In the spring of 1950 leveling and grassing of the playground-base-ball
field were completed through the cooperation of the County school
board, the County road department, and the school. In the fall of
1950 the auditorium was converted into a library, to accommodate
the large study halls brought about by the then increasing enrollment.
All large-group meetings and performances have since been held in
the gymnasium. In the fall of 1965 a new school lunchroom was constructed
on the north side of the high school building and only a few feet
away. A two-story concrete block building was constructed; the top
floor has been used to house the home economics department and one
elementary classroom.
A Future Farmers of America chapter was organized here in the fall
of 1948 and continued until the vocational agriculture department
was dropped in 1966. The FFA, statewide, is organized on a highly
competitive basis, and the local chapter won several honors, among
them the sweepstakes award in the state judging contests at WVU
three consecutive years (1961, 1962, 1963), first place in the livestock
judging (1955) and in plant pathology (1954), first place in string
band competition (1955), third in the state in the creed contest
(1953), third in parliamentary procedure (1954), a third place bronze
emblem won at the National FFA Convention in Kansas City (1956),
and second in the state in poultry judging (1957).
A Future Homemakers of America chapter was organized in 1951 and
has continued to be active, though the FHA is not organized on a
competitive basis.
The school each year has competed interscholastically in basketball
and baseball, having compiled enviable records in both sports from
time to time. In basketball, five sectional tournament championship
have been won, (1925, 1949, 1953, 1955, 1956), twice the local team
was regional tournament runner up (1955, 1956), three Central Conference
championships have been won (1953, 1955, 1956), and one Little Kanawha
Conference title (1956), has been taken by the Lions. The school’s
only All-Star athlete, Joe Miller (Class B basketball 1953), went
on to achieve nation-wide notice in collegiate competition at Alderson-Broaddus
College. Three players received honorable mention in the All-State
selections: Buddie Minner (1956), and Joe Putnam (1965). An impressive
home-floor record of 54 wins and 5 losses was established between
1951 and 1956.
In baseball, played here
both spring and fall, seven Central Conference titles have come
the Lions’ way (1953, 1954, 1956. 1957, 1958, 1967). Since
1948 the Lions’ baseball teams have won 60% of all games played;
the records between 1951 and 1957 show 83% of games won, and 73%
were won in 1958-1959. On SFHS baseball star, Herman “Bert”

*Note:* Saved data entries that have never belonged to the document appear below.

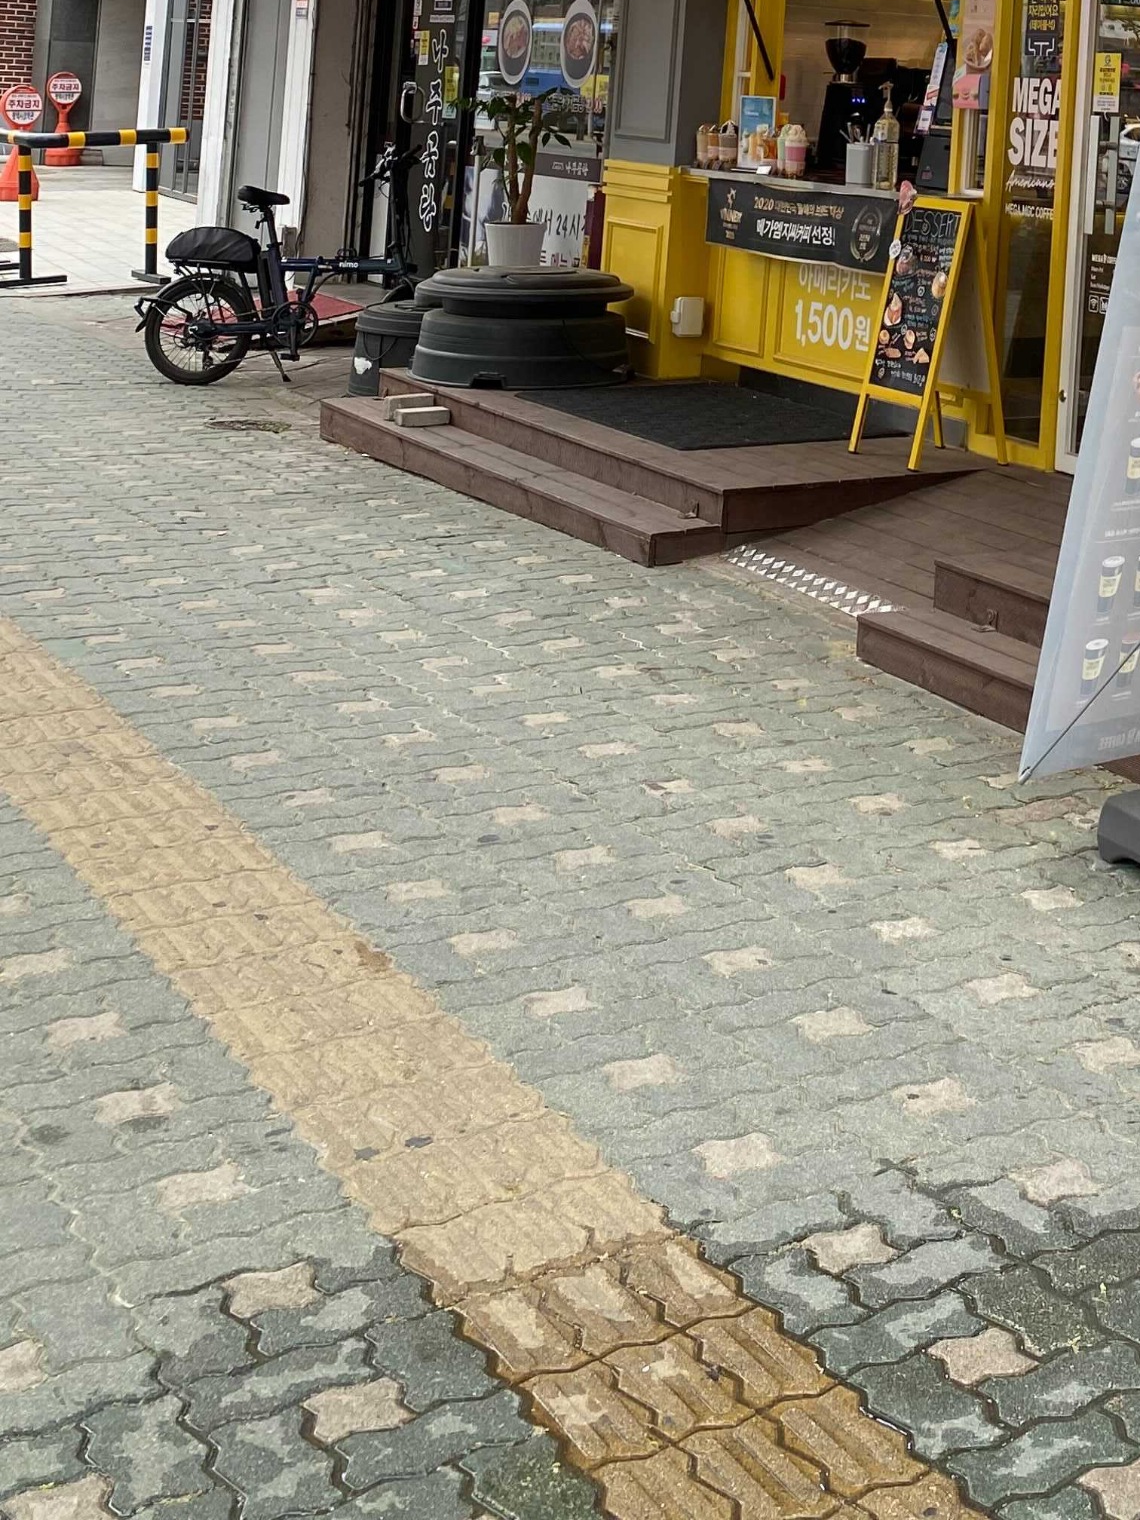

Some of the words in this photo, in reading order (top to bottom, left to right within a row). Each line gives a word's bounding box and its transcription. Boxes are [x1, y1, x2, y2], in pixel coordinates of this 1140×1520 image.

[8, 100, 40, 108] 주차금지
[754, 197, 774, 211] 2020
[812, 226, 836, 246] 선정!
[904, 210, 961, 238] DESSERT
[800, 265, 872, 301] 아메리카노
[795, 299, 870, 352] 1,500원

Hamric, “47, went straight from the high school baseball field-
- in his day this was Burkes’ meadow- - into professional
baseball, spending more than a decade with the (Brooklyn) Los Angeles
Dodgers organization and working his way steadily upward from the
Class D Eastern Shore League to AAA competition, and a month of
regular season play and a barnstorming tour of Japan and Hawaii
with the parent Dodger club.
The best year, ever, athletically, was the last of Veteran Coach
Alton Peters’ thirteen years here, 1955-56, when his teams
won every game played in both sports, except for a one-point defeat
in basketball at the hand of Clarksburg’s Kelly Miller High.
FACTS AND HISTORY
OF SAND FORK SCHOOL
(Taken from “The Lion’s Roar”) May 29, 1968
The smallest SFHS graduating
class was the 1924 class of four members; the largest was the 32-member
class of 1966.
The school song, which begins “Proudly stands our schoolhouse
on the hill”, was written by Mr. Roland Butcher. Mr. Walker
Bailey, ’40, wrote the school hymn, “Look for the Right.”

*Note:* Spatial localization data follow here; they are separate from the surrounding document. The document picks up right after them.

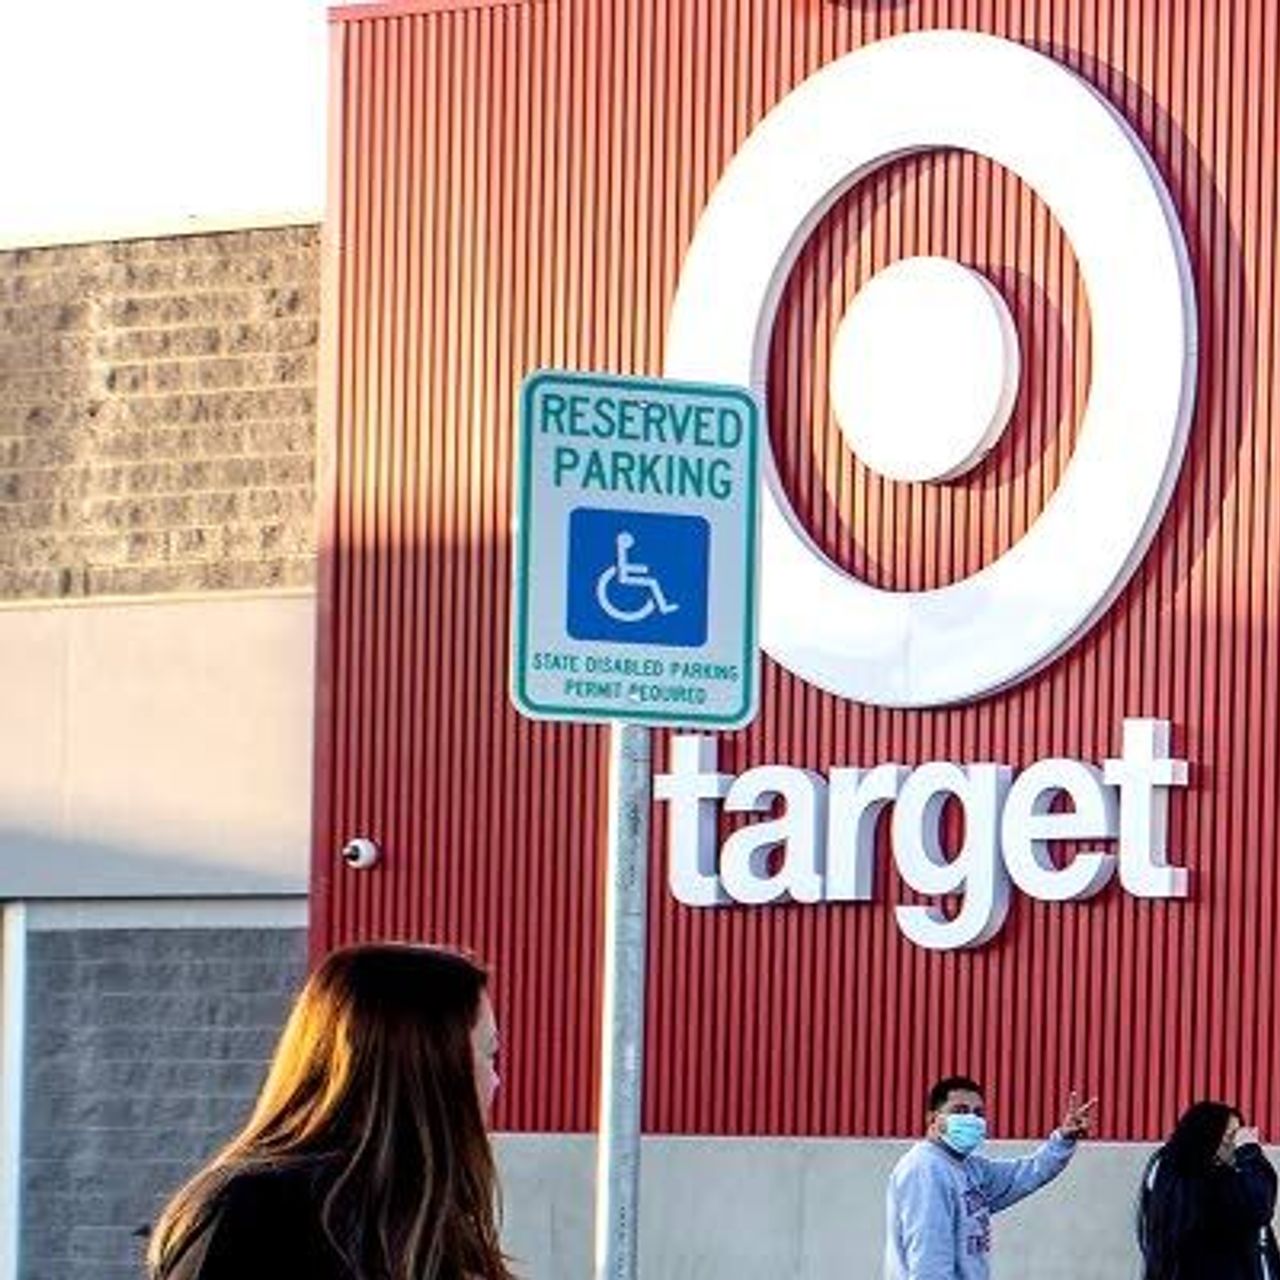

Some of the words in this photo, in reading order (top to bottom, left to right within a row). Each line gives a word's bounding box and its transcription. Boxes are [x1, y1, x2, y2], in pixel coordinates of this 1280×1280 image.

[540, 394, 744, 450] RESERVED
[553, 447, 733, 500] PARKING
[532, 653, 580, 674] STATE
[586, 656, 664, 677] DISABLED
[669, 662, 740, 683] PARKING
[564, 679, 622, 699] PERMIT
[652, 717, 1190, 952] target

The evergreen shrubbery near the front south corner of the high
school building was a gift to the school from Mr. Ford Lowe, ’35,
owner of Lowe’s Nursery in Parkersburg.
In 1969, a county high school was established, combining Glenville,
Sand Fork, Tanner, Troy, and Normantown. These five schools became
elementary schools, and Gilmer County High School opened in 1969.
Sand Fork High School's girls' basketball team were runners-up to
the state champions in 1925. At center was Freda Brown (Burke).
Forwards were Ruth Lynch and Violet Moore (Marks). Guards were Dora
Wiant (Marshall), Ormeda Moore (Marks).